As mentioned earlier, only a few cases of trisomic fetuses have been described. By using conventional and trypsin G-staining and by DNA typing using highly polymorphic microsatellite markers, trisomy 5 in spontaneous abortion material was recorded in a total of 6 cases [5–8]. Comparative genomic hybridization, a powerful new molecular cytogenetic technique, has been used for chromosome analysis in spontaneous abortions in only a limited number of studies [10–12]; however, trisomy 5 was recorded in only 1 first trimester missed abortion [9]. Even combined QF-PCR and MALPA molecular analysis of total 1539 miscarriage products did not reveal any trisomy 5 cases [26].

However, when double aneuploidy, which is a relatively rare phenomenon, is concerned, 7 more cases of chromosome 5 trisomy were described. The double trisomies 5/8 were observed in 3 cases [27,28] and double trisomies 5/2, 5/7, 5/12 and 5/16 in single cases [28–31].

In addition to the maternal-age effect mentioned earlier, trisomy occurrence depends also on chromosome structure, including very small effects for the large chromosomes (groups A and B), increased effect on chromosome 16, and exponentially increased effect on chromosome 21. This may explain why trisomy 5 is a rare event.

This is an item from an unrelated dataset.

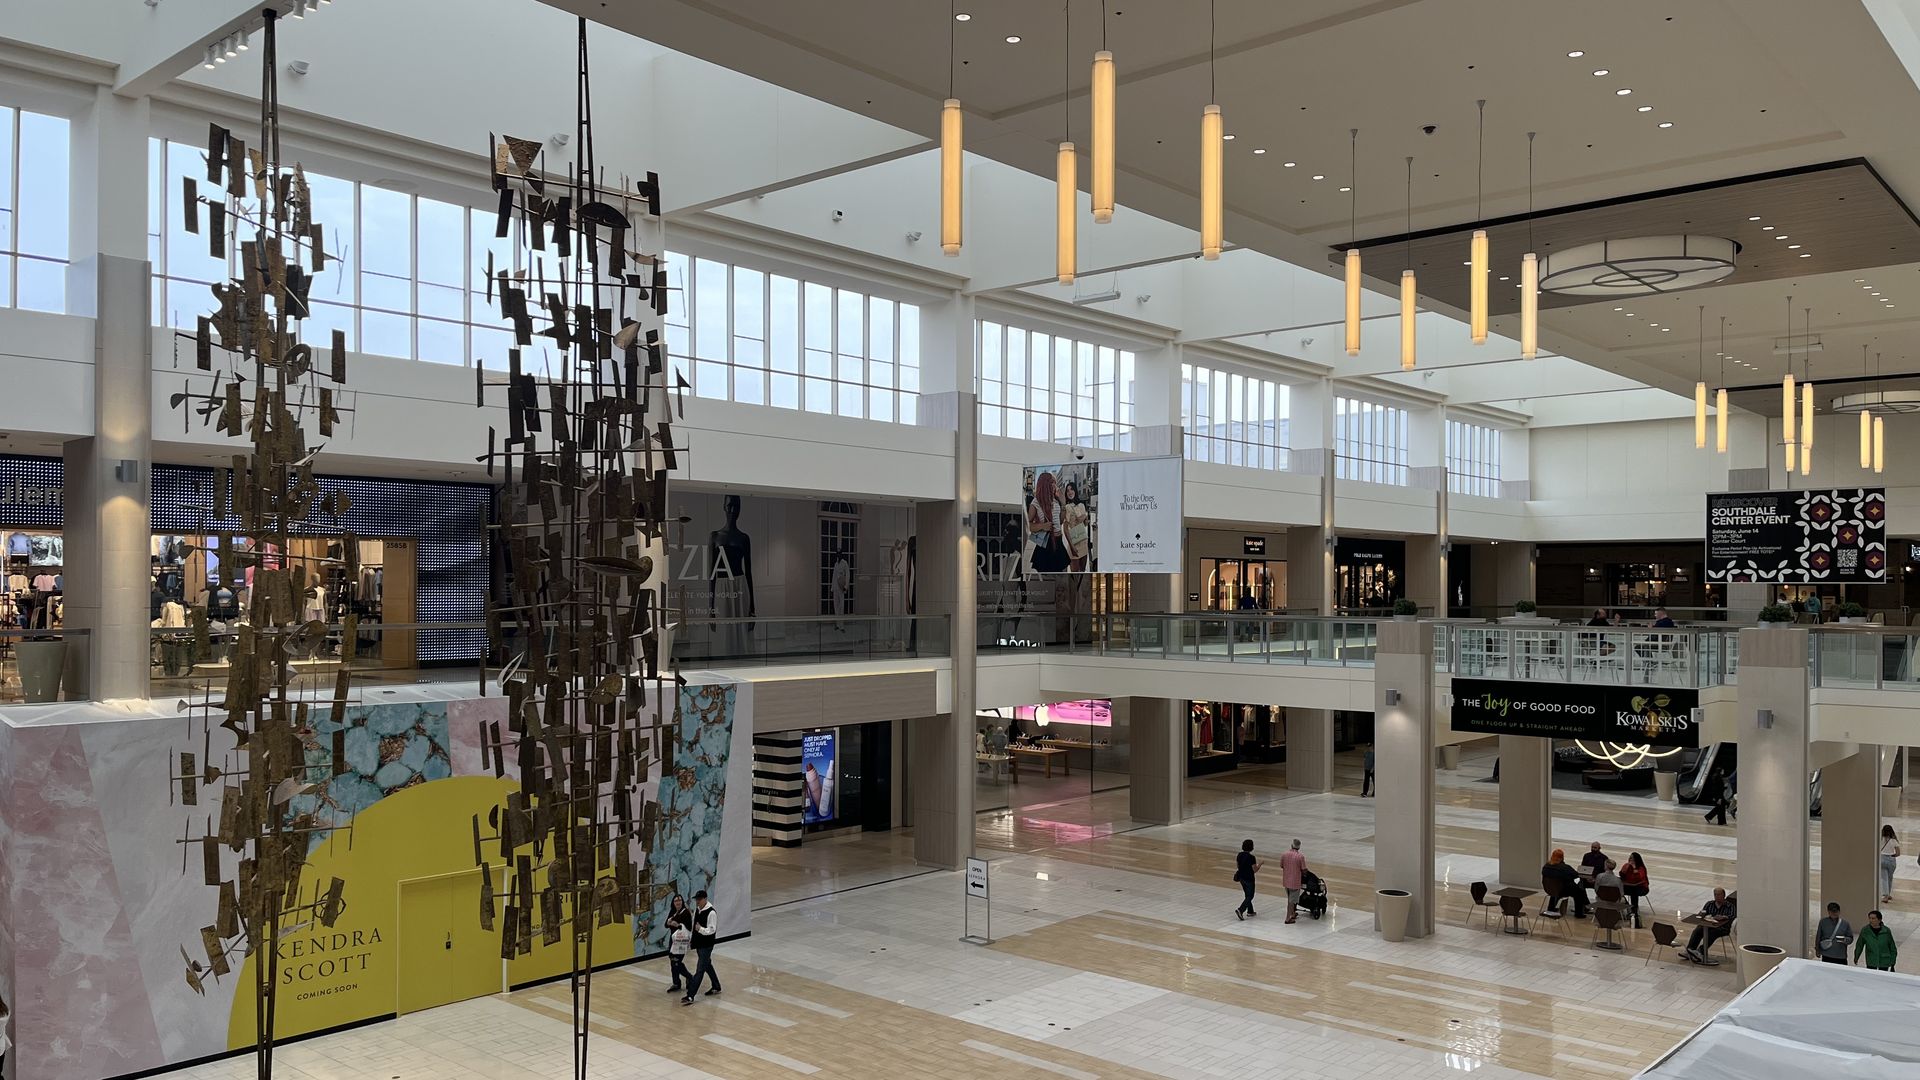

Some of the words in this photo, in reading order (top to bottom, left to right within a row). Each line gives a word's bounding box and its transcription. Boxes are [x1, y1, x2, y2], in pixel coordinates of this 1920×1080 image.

Little is known about the possible phenotype of trisomic spontaneous abortions. In a study correlating parental origin of trisomy with phenotype, Zaragozza et al. [32] found no difference in the proportion of cases with trophoblastic hyperplasia, fetal tissue, nucleated red blood cells, or hydropic villi among paternally or maternally derived trisomies 2, 7, 15, or 22.

In the case of the young couple described in this paper, Arias-Stella reaction was indicated in both cases of miscarriage. This glandular change is a physiologic response to the presence of chorionic tissue and is probably not directly related to trisomy 5.

Conclusions

For still unknown reasons, abortion due to the aneuploidy occurs frequently in people with normal constitutional karyotype. However, the routine cytogenetic analysis of miscarriages is still an uncommon practice that has a great impact on the management of couples with repeated pregnancy wastage. In addition to the obvious cost benefit for health care, such analysis would help the physician to decide about future patient management as well as planning genetic counseling, considering that miscarriage can have a deep emotional and psychological effect on both partners.